START Records for this exercise

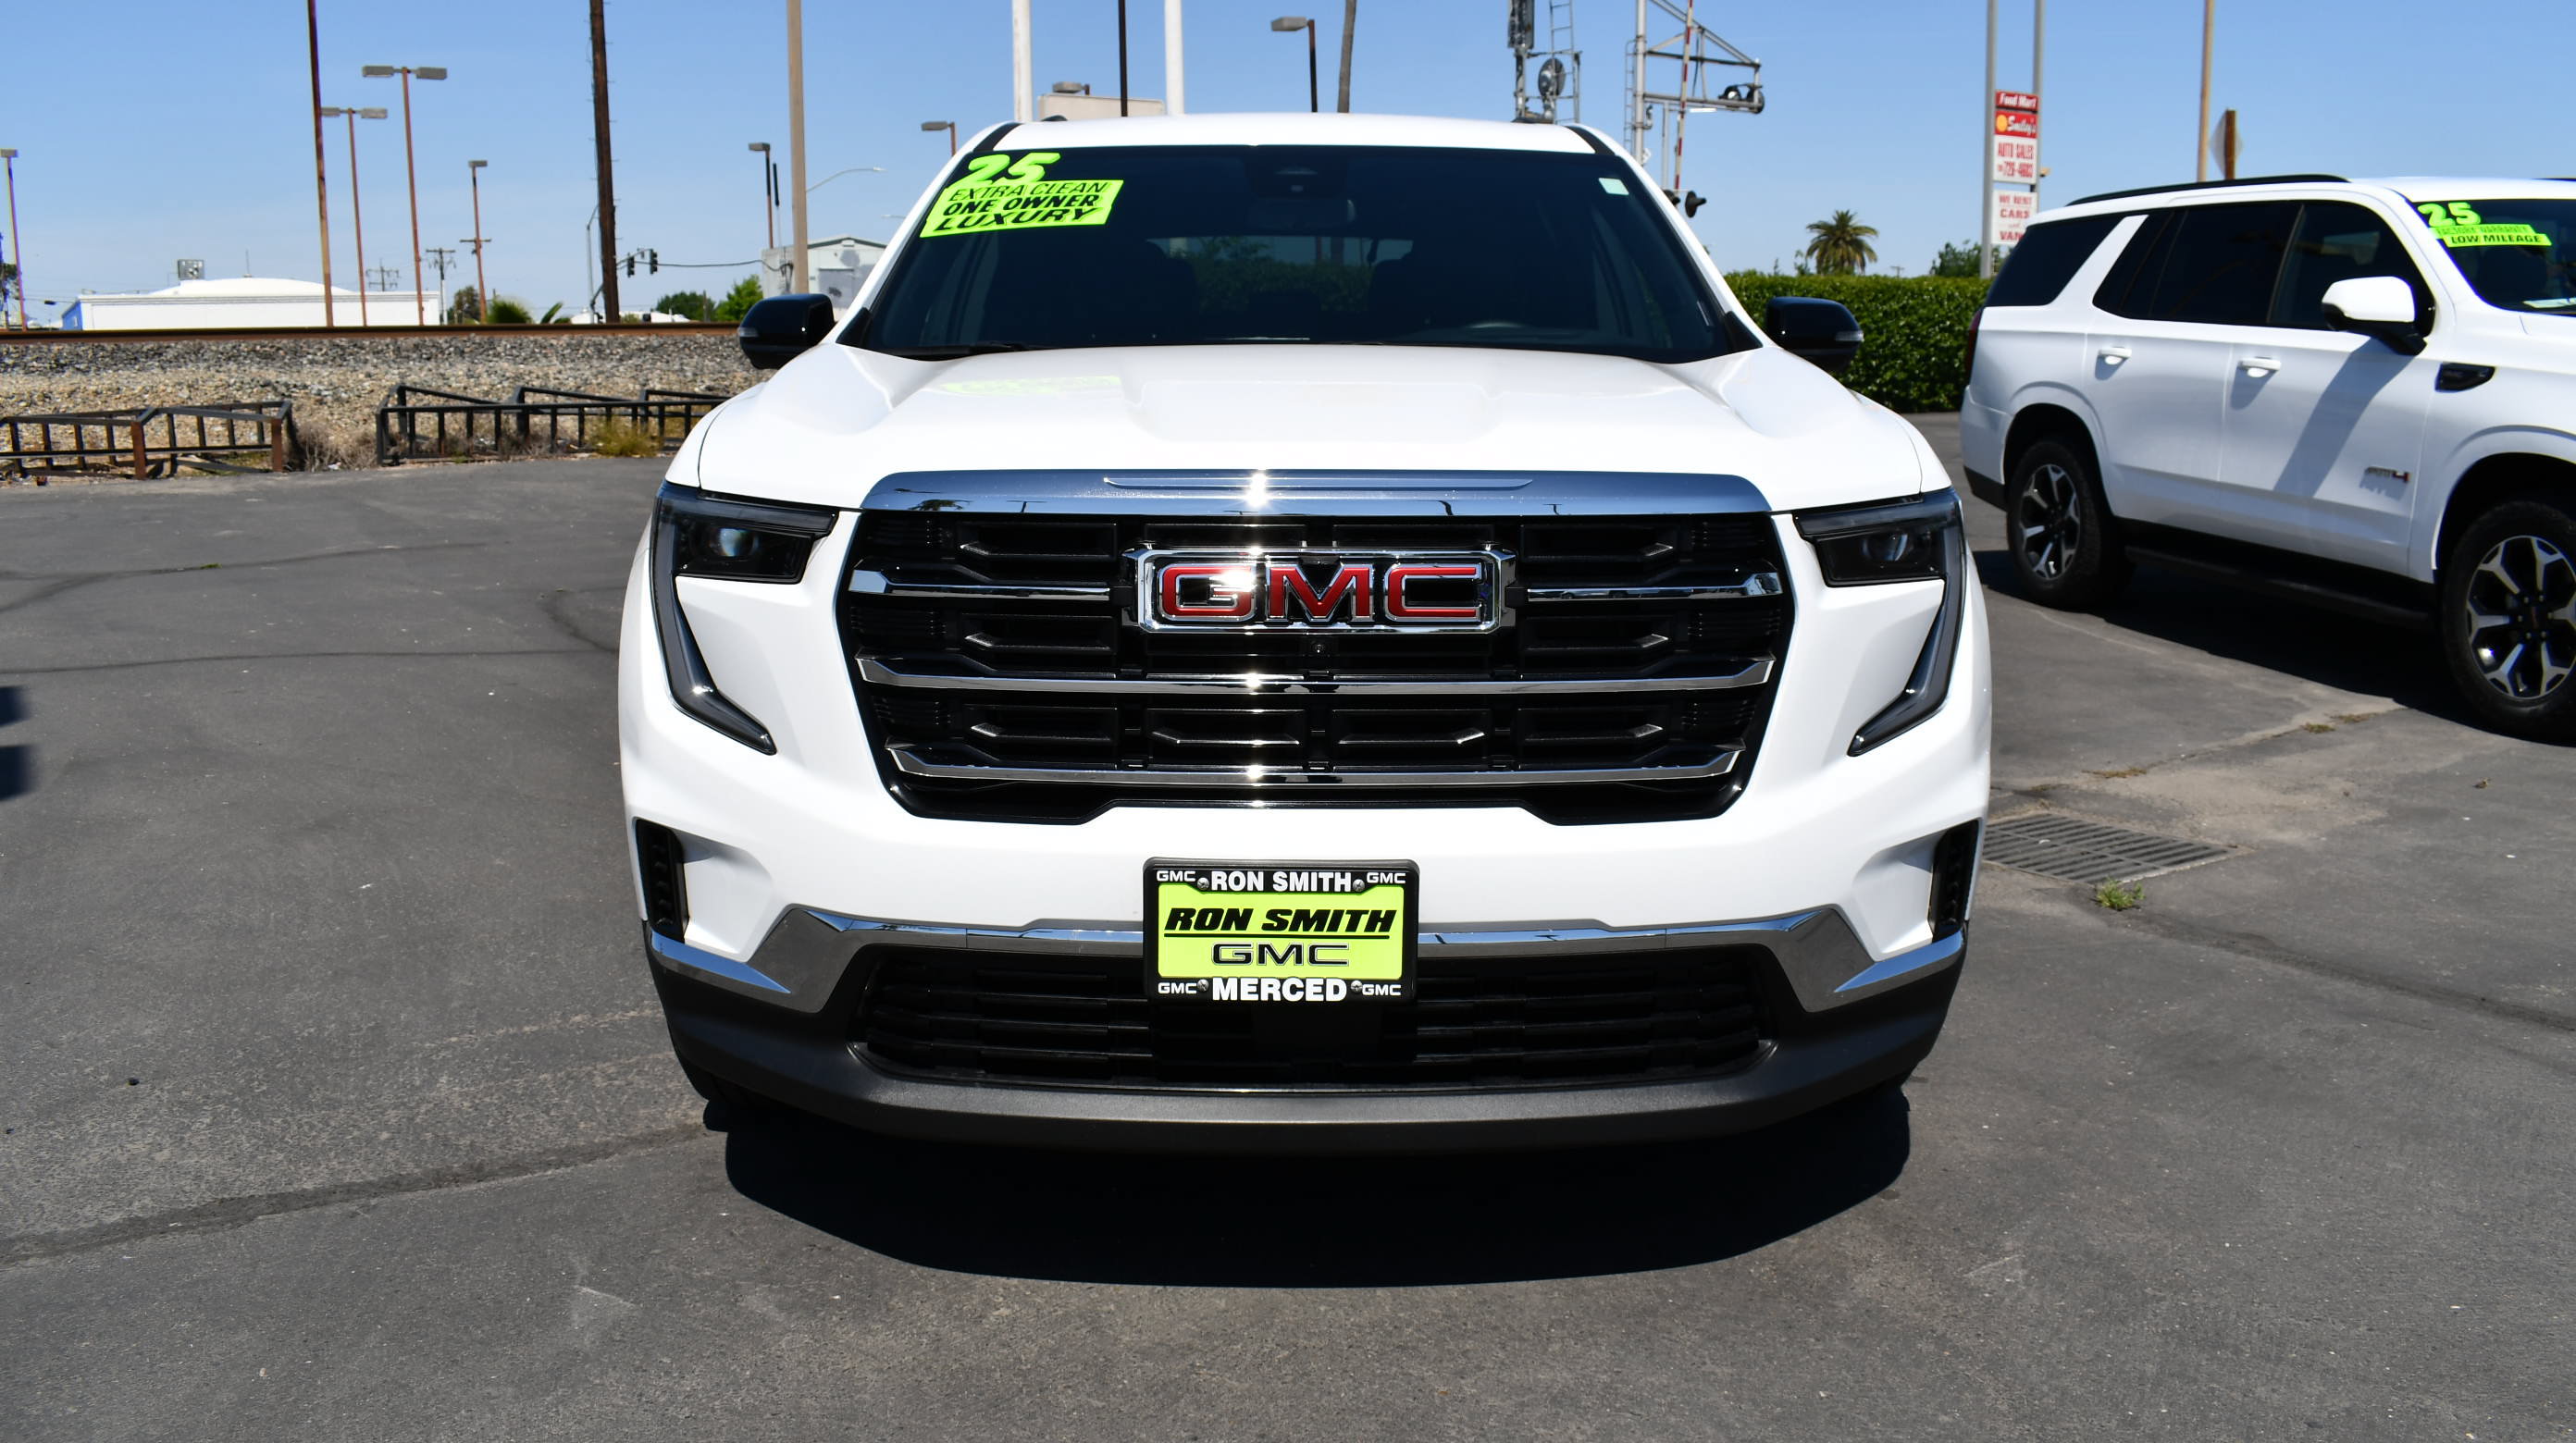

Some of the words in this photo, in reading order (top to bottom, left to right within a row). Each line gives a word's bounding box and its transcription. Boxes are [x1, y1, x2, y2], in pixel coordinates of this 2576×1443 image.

[1998, 142, 2013, 158] AUTO
[2016, 144, 2034, 160] SALES
[946, 153, 1061, 186] 25
[948, 183, 1024, 202] EXTRA
[1030, 181, 1108, 195] CLEAN
[943, 199, 1000, 216] ONE
[1003, 194, 1099, 210] OWNER
[2000, 209, 2030, 219] CARS
[2417, 202, 2482, 227] 25
[933, 207, 1098, 231] LUXURY
[2000, 230, 2025, 242] VAN
[2451, 235, 2479, 244] LOW
[2483, 234, 2542, 243] MILEAGE
[1159, 562, 1482, 623] GMC
[1157, 870, 1196, 882] GMC
[1211, 870, 1267, 892] RON
[1272, 871, 1352, 893] SMITH
[1366, 872, 1406, 884] GMC
[1164, 907, 1254, 931] RON
[1261, 908, 1397, 932] SMITH
[1211, 942, 1349, 967] GMC
[1158, 981, 1197, 994] GMC
[1212, 977, 1347, 1002] MERCED
[1361, 983, 1402, 996] GMC
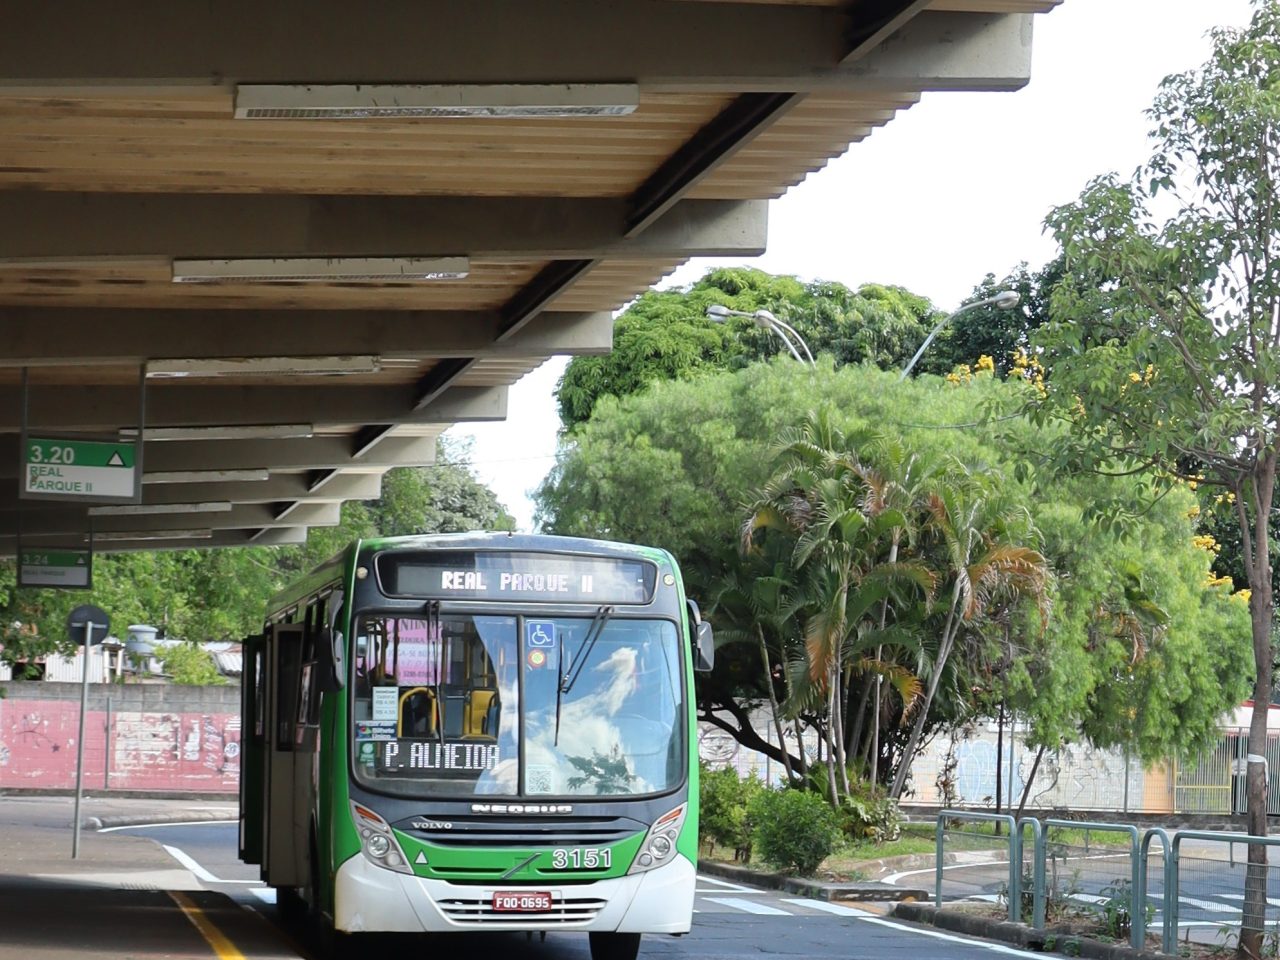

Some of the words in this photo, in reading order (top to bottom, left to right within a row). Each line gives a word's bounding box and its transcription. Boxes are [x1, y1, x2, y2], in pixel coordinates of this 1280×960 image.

[30, 445, 75, 464] 3.20
[29, 465, 63, 477] REAL
[29, 480, 82, 492] PARQUE
[85, 482, 93, 492] II
[441, 571, 487, 591] REAL
[499, 572, 569, 593] PARQUE
[385, 742, 404, 767] P.
[410, 742, 500, 770] ALMEIDA
[471, 804, 573, 813] NEOBUS
[411, 821, 453, 830] VOLVO
[552, 848, 612, 869] 3151

END Records for this exercise

> **Problem requirements**
Every line above must appear in the answer unchanged, and no picture may appear in it.

> **Solution**
Some of the words in this photo, in reading order (top to bottom, left to right within a row). Each line gives a word's bounding box and its transcription. Boxes are [x1, y1, x2, y2], in pixel coordinates of this 2576×1443 image.

[1998, 142, 2013, 158] AUTO
[2016, 144, 2034, 160] SALES
[946, 153, 1061, 186] 25
[948, 183, 1024, 202] EXTRA
[1030, 181, 1108, 195] CLEAN
[943, 199, 1000, 216] ONE
[1003, 194, 1099, 210] OWNER
[2000, 209, 2030, 219] CARS
[2417, 202, 2482, 227] 25
[933, 207, 1098, 231] LUXURY
[2000, 230, 2025, 242] VAN
[2451, 235, 2479, 244] LOW
[2483, 234, 2542, 243] MILEAGE
[1159, 562, 1482, 623] GMC
[1157, 870, 1196, 882] GMC
[1211, 870, 1267, 892] RON
[1272, 871, 1352, 893] SMITH
[1366, 872, 1406, 884] GMC
[1164, 907, 1254, 931] RON
[1261, 908, 1397, 932] SMITH
[1211, 942, 1349, 967] GMC
[1158, 981, 1197, 994] GMC
[1212, 977, 1347, 1002] MERCED
[1361, 983, 1402, 996] GMC

Some of the words in this photo, in reading order (top to bottom, left to right within a row). Each line gives a word's bounding box and its transcription. Boxes are [x1, y1, x2, y2], in pixel coordinates of this 1280×960 image.

[30, 445, 75, 464] 3.20
[29, 465, 63, 477] REAL
[29, 480, 82, 492] PARQUE
[85, 482, 93, 492] II
[441, 571, 487, 591] REAL
[499, 572, 569, 593] PARQUE
[385, 742, 404, 767] P.
[410, 742, 500, 770] ALMEIDA
[471, 804, 573, 813] NEOBUS
[411, 821, 453, 830] VOLVO
[552, 848, 612, 869] 3151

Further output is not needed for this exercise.